— WHAT IS REQUIRED —
Write every record out again exactly, and keep images out of it.

— INPUT MATERIAL —
------------------------------------------------------------

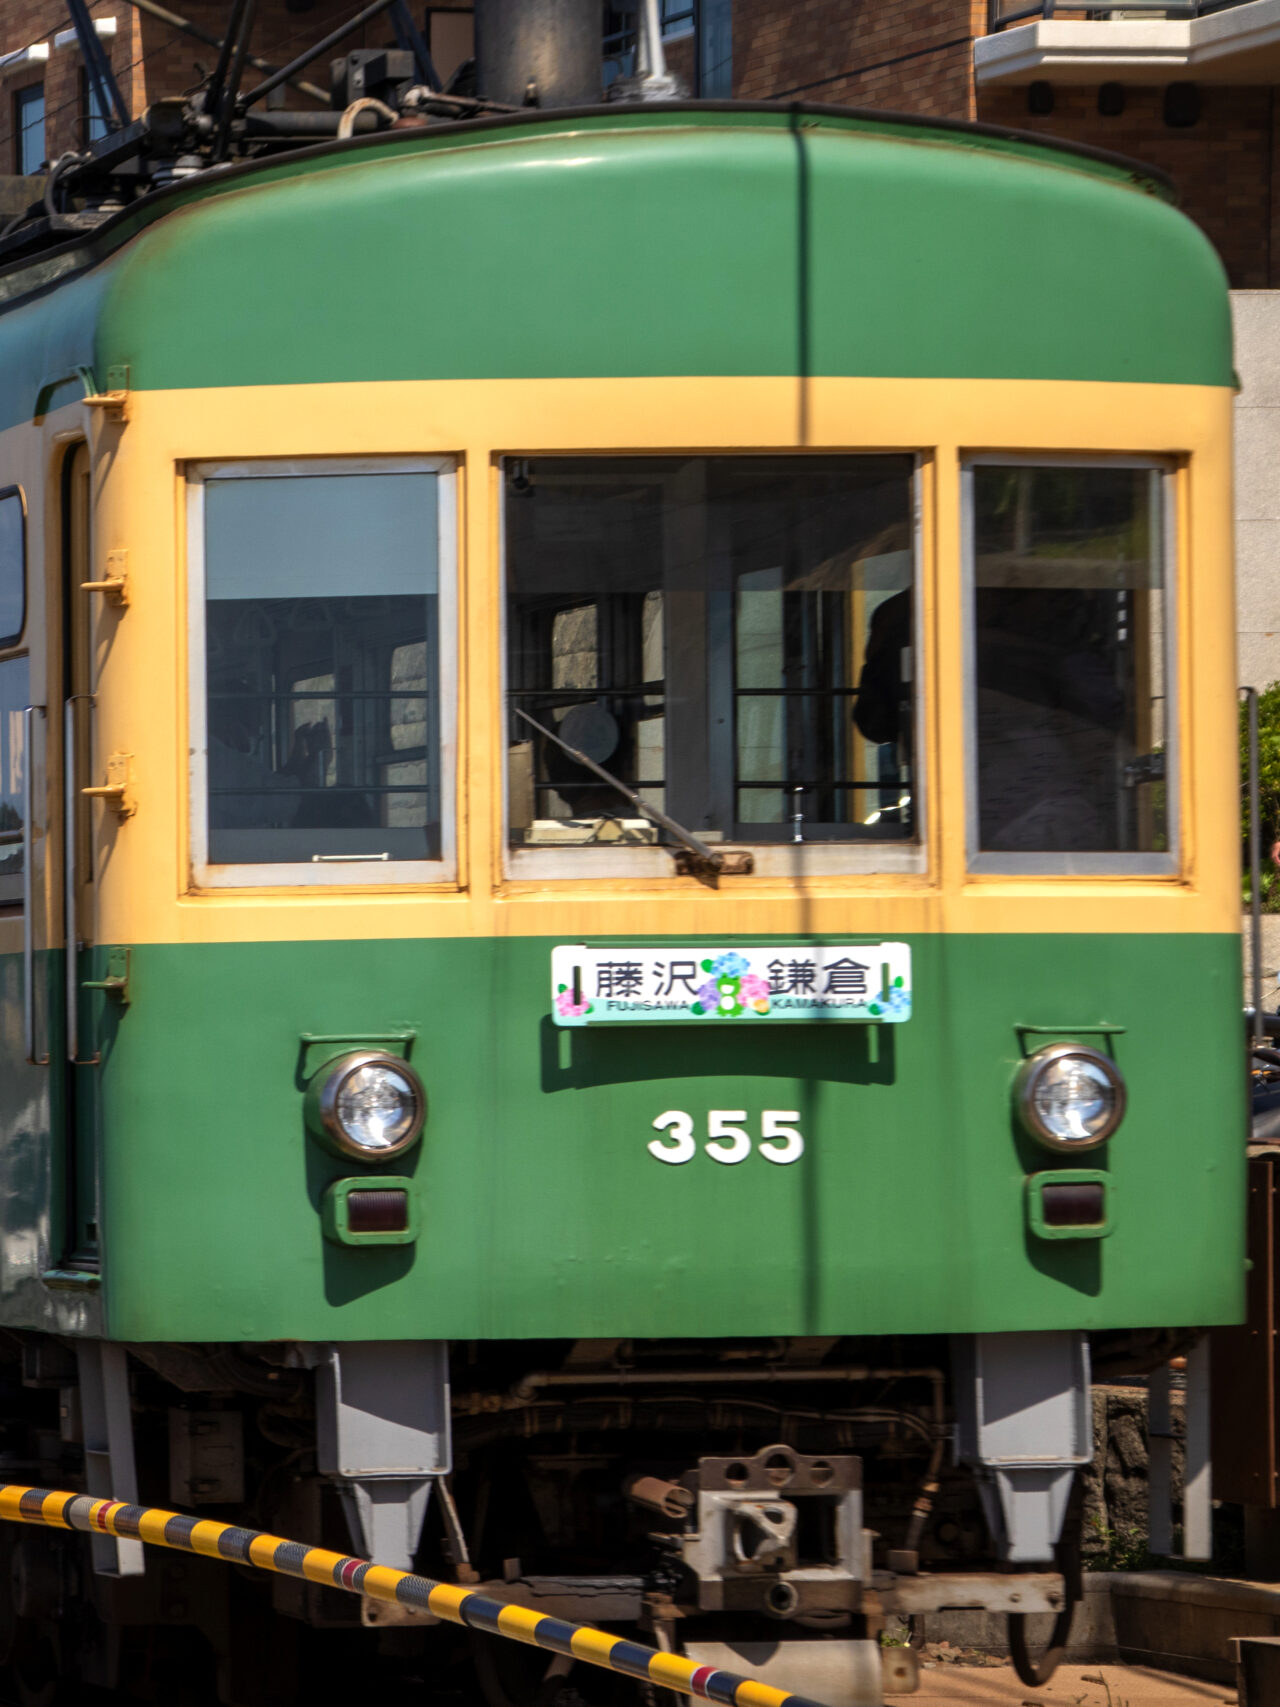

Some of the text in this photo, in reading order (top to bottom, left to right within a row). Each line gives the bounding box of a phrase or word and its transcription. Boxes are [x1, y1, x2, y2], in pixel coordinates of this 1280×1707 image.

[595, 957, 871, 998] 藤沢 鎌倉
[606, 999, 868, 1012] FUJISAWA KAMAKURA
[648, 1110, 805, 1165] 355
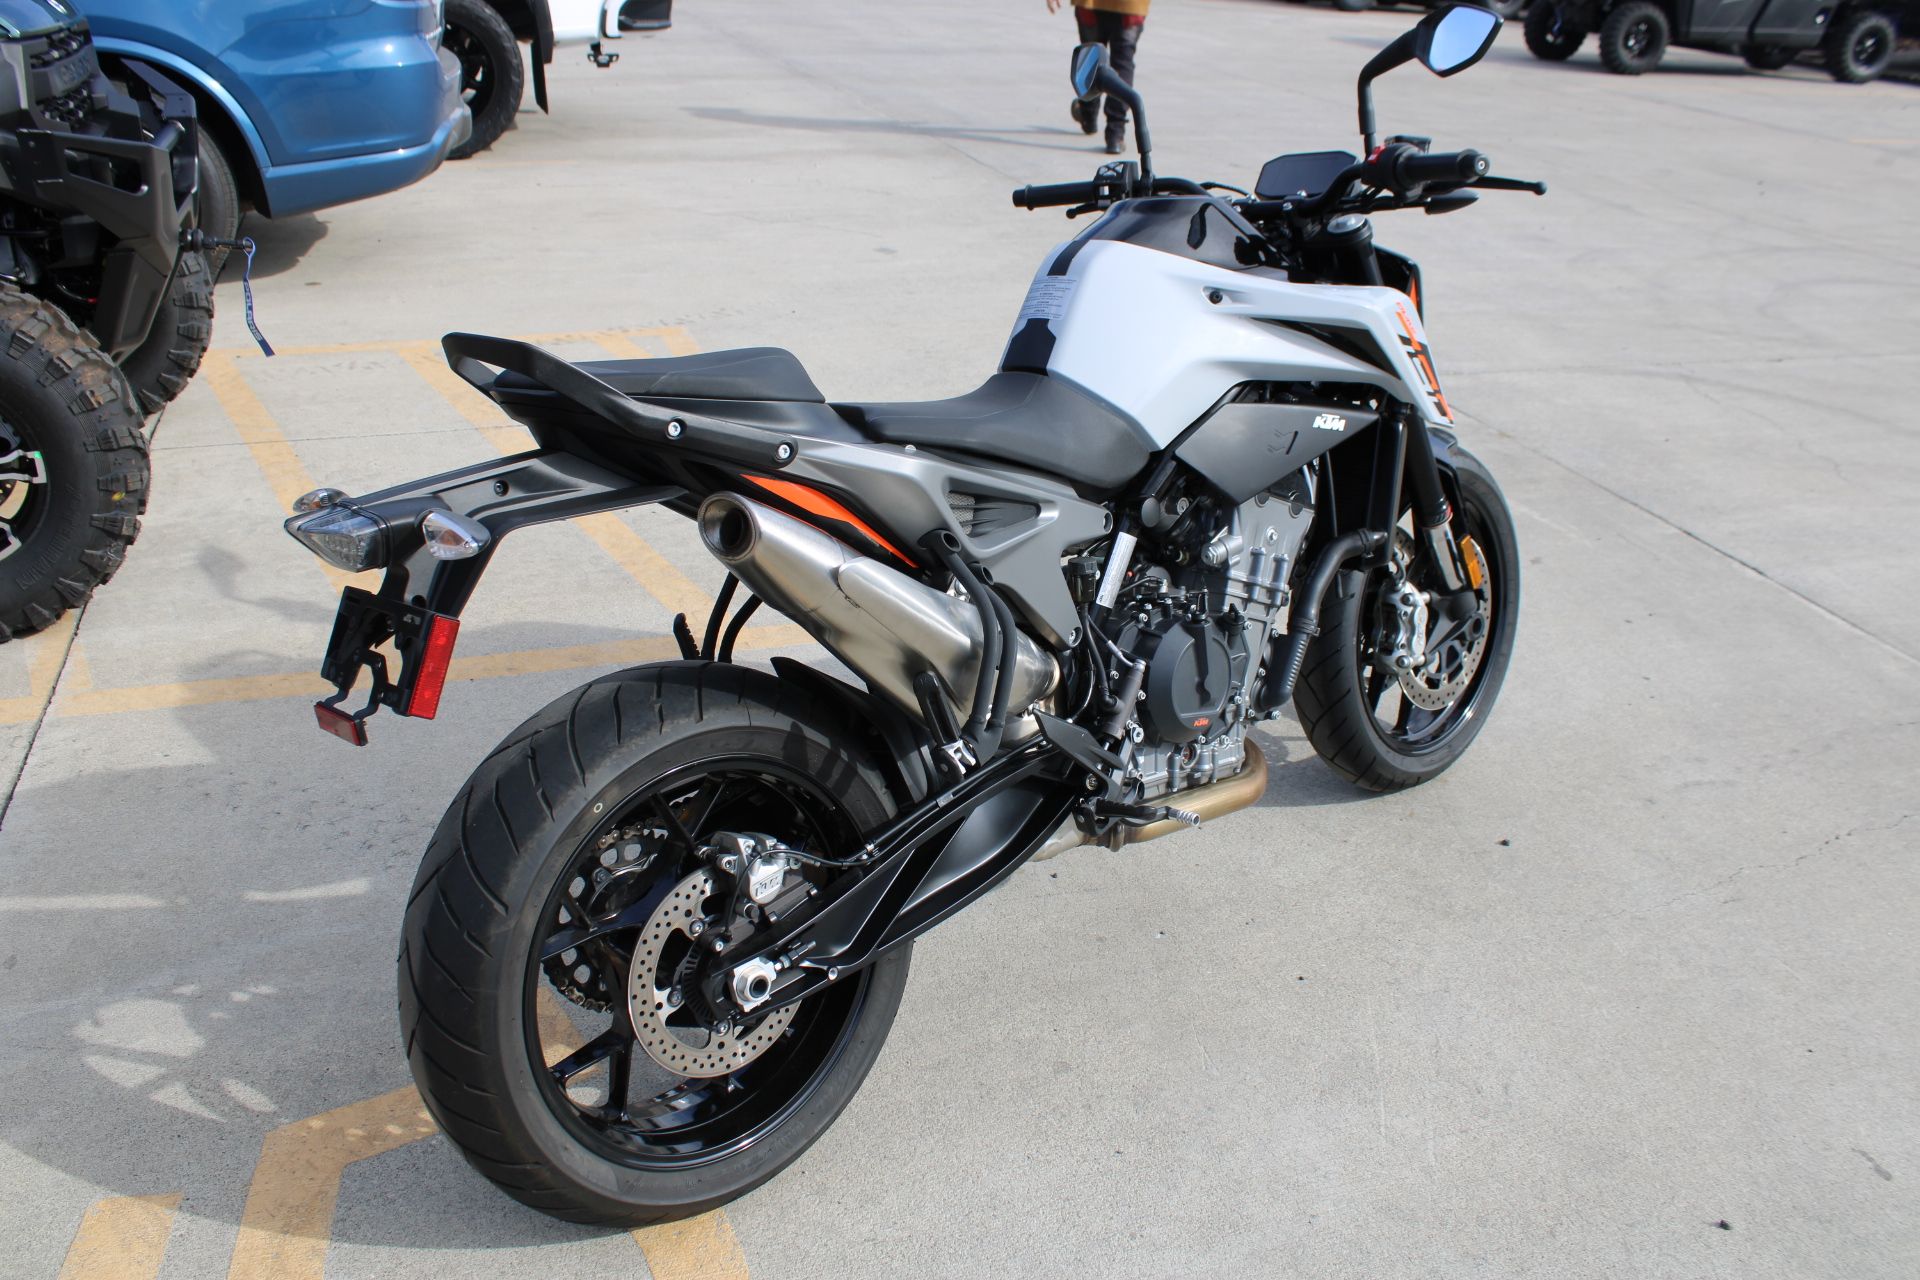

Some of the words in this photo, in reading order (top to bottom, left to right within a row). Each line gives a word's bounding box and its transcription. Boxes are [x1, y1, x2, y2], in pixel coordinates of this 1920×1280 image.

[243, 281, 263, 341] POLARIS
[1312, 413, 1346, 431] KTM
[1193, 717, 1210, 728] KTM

------------------------------------------------------------

— RESULT OF THE EXERCISE —
Some of the text in this photo, in reading order (top to bottom, left to right within a row). Each line gives the bounding box of a phrase or word and its transcription. Boxes are [x1, y1, x2, y2], in pixel coordinates of this 1280×1707 image.

[595, 957, 871, 998] 藤沢 鎌倉
[606, 999, 868, 1012] FUJISAWA KAMAKURA
[648, 1110, 805, 1165] 355

Some of the words in this photo, in reading order (top to bottom, left to right within a row). Each line gives a word's bounding box and its transcription. Boxes are [x1, y1, x2, y2], in pixel coordinates of this 1920×1280 image.

[243, 281, 263, 341] POLARIS
[1312, 413, 1346, 431] KTM
[1193, 717, 1210, 728] KTM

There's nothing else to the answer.